Bu çalışma, COVID-19 hastalarında pozitif Aspergillus testlerinin sıklığını tanımlamak ve COVID-19 ile pozitif Aspergillus testi sonucu arasındaki ilişkiyi araştırmak amacıyla planlanmış. Yoğun bakım ünitesine kabul edileli >24 saat olan COVID-19 hastalarında pozitif Aspergillus testlerinin oranı iki kontrol grubuyla karşılaştırılmış: Kontrol gruplarından bir tanesi PCR ile doğrulanmış influenza infeksiyonu olan hastalar (influenza ve invazif aspergilloz arasındaki bağlantı net gösterildiğinden, bu grup pozitif kontrol grubu olarak) ve  pnömokok pnömonisi olan hastalar (bu grup hastalarda pozitif Aspergillus testleri çoğunlukla kolonizasyon olarak kabul edildiği için negatif kontrol grubu olarak). Çalışma süresi boyunca 92 COVID-19 hastası, 48 influenza hastası ve 65 pnömokokal pnömoni hastası tespit edilmiş. Herhangi bir solunum örneğinden herhangi bir pozitif Aspergillus testi, COVID-19 hastalarının %10.9’unda, pnömokokal pnömonili hastaların %6.2’sinde ve influenza ile infekte olanların %22.9’unda bulunmuş.

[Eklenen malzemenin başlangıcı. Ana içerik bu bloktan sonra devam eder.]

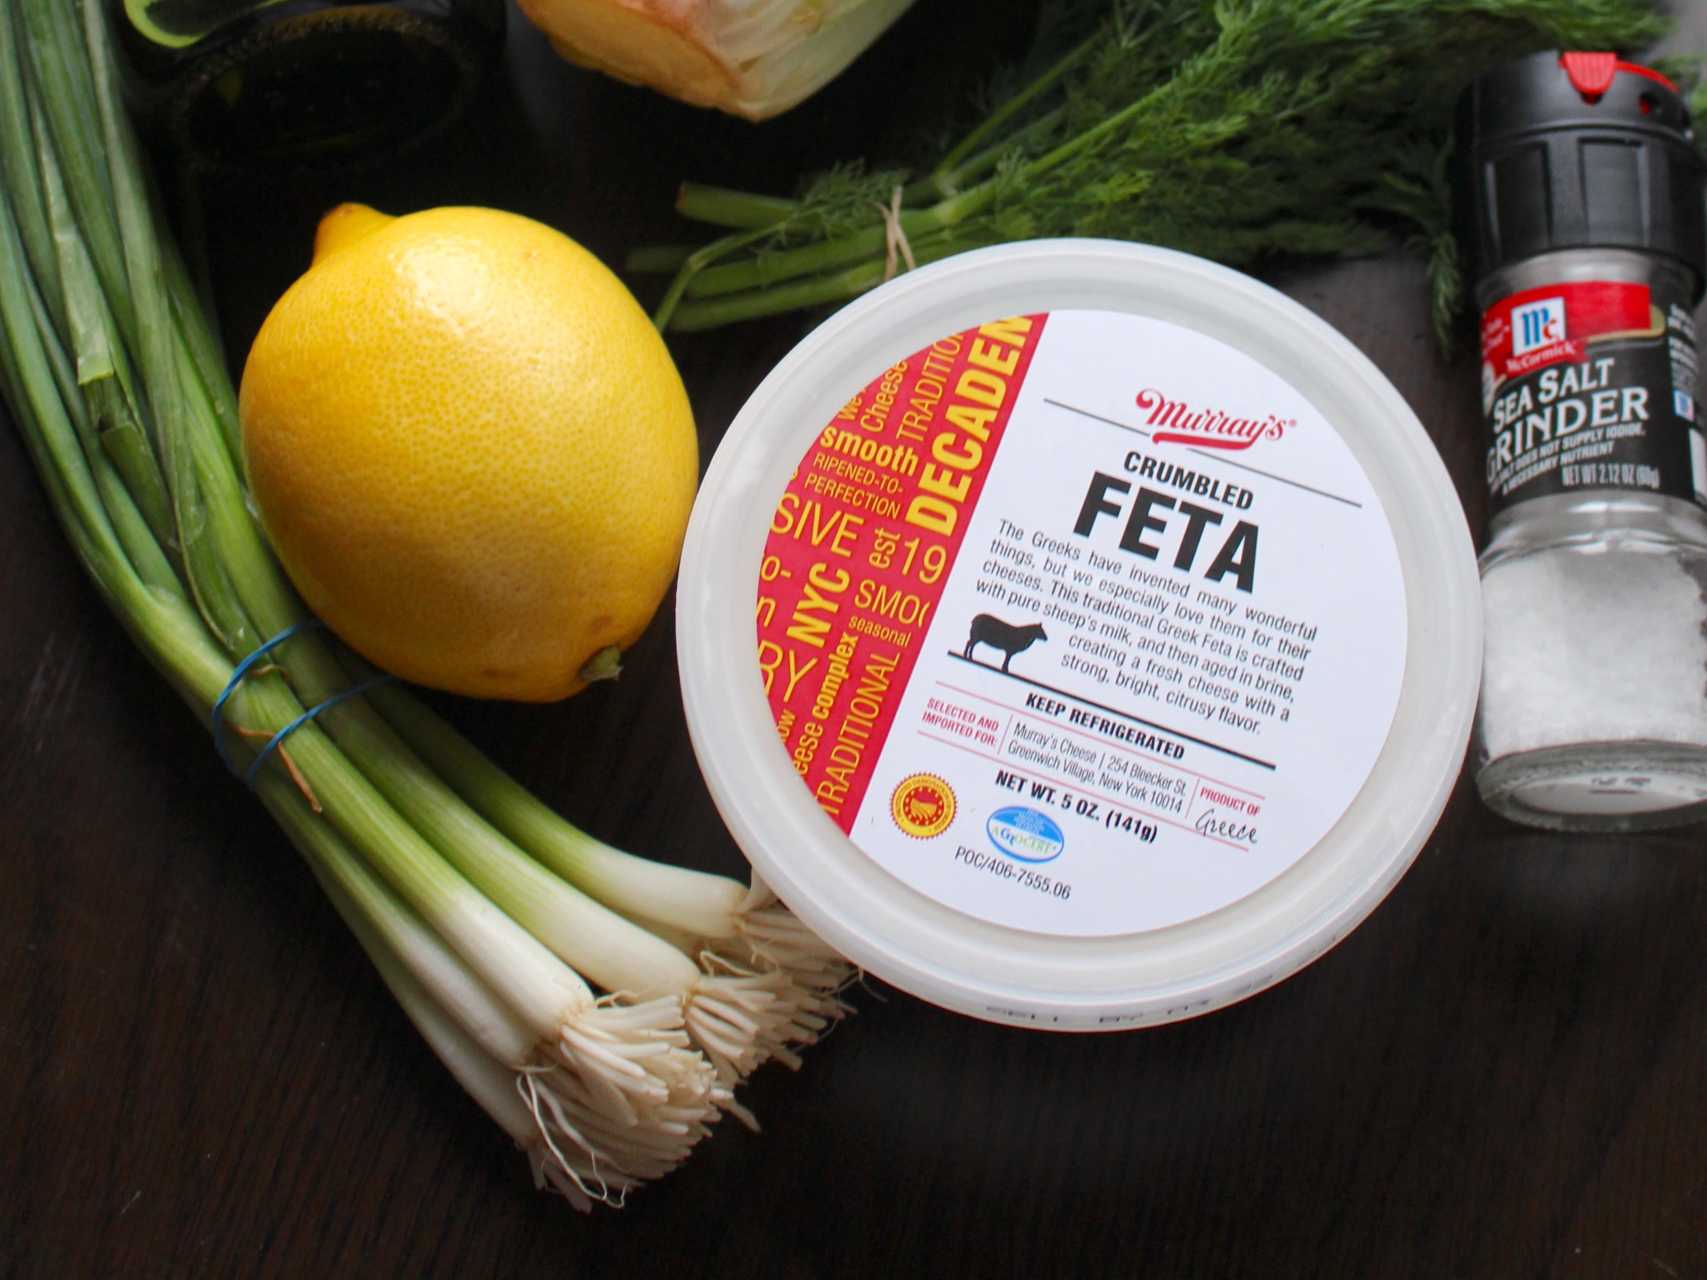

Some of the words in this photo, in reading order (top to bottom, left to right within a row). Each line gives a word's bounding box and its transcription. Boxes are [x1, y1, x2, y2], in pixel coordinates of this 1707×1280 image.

Bronkoalveolar lavaj (BAL) sıvısından, pozitif bir kültür veya PCR veya galaktomannan testi, COVID-19 hastalarının sadece %5.4’ünde bulunmuş; bu durum influenzalı hastalardan (%18.8) daha düşük ve pnömokokal pnömoni grubu ile (4.6 %) benzer düzeyde olarak değerlendirilmiştir. Lojistik regresyon analizi kullanıldığında, COVID-19 hastaları için BAL sıvısında, pozitif bir Aspergillus testi için Odds ratio (OR) pnömokokal pnömoni grubuna kıyasla 1.2 (0.3 ila 5.1; P = 0.8), influenza grubuna kıyasla ise  0.2 (0.1 ila 0.8; P = 0.02) çıkmış.

Sonuç olarak, COVID-19 hastalarında, pozitif bir Aspergillus testi prevalansı, pnömokokal pnömoni için başvuran hastalardakine benzer, ancak influenzalı hastalarda gözlemlenenden önemli ölçüde daha düşük tespit edilmiş.

Yusuf E, Vonk A, van den Akker JPC, et al. Frequency of positive Aspergillus tests in COVID-19 patients in comparison to other patients with pulmonary infections admitted to the ICU. J Clin Microbiol. 2020: JCM. 02278-20.

Makale İçin Tıklayınız

COVID-19’da Tocilizumab’ın Etkinliği: RECOVERY Çalışmasının Sonuçları

Tocilizumab (TCZ)’ın COVID-19’da etkinliği ile ilgili bugüne kadar yayımlanan randomize kontrollü çalışmalar (RKÇ) içinde en yüksek örneklem büyüklüğüne sahip olan RECOVERY çalışmasının hakem değerlendirme öncesi (preprint) makalesi yayınlandı. Toplamda 4 binden fazla hastanın dahil edildiği çalışmada bir gruba standart tedavi, diğer gruba standart tedavi+TCZ verildi. İlacın verilme kriterleri oksijen ihtiyacı varlığı ile beraber CRP’nin 75’in üstünde olması olarak belirlendi. Hastalar içinde hafif oksijen desteği (nazal kanül) alanlar, non-invazif oksijen desteği alanlar (yüksek akımlı oksijen, BIPAP) ve invazif mekanik ventilasyona bağlı olanlar dahil hastalığın farklı evrelerinde olan hasta grupları dahil edildi. Buna göre TCZ alanlarda mortalite, almayanlara göre anlamlı olarak daha düşük bulundu (%29 ve %33).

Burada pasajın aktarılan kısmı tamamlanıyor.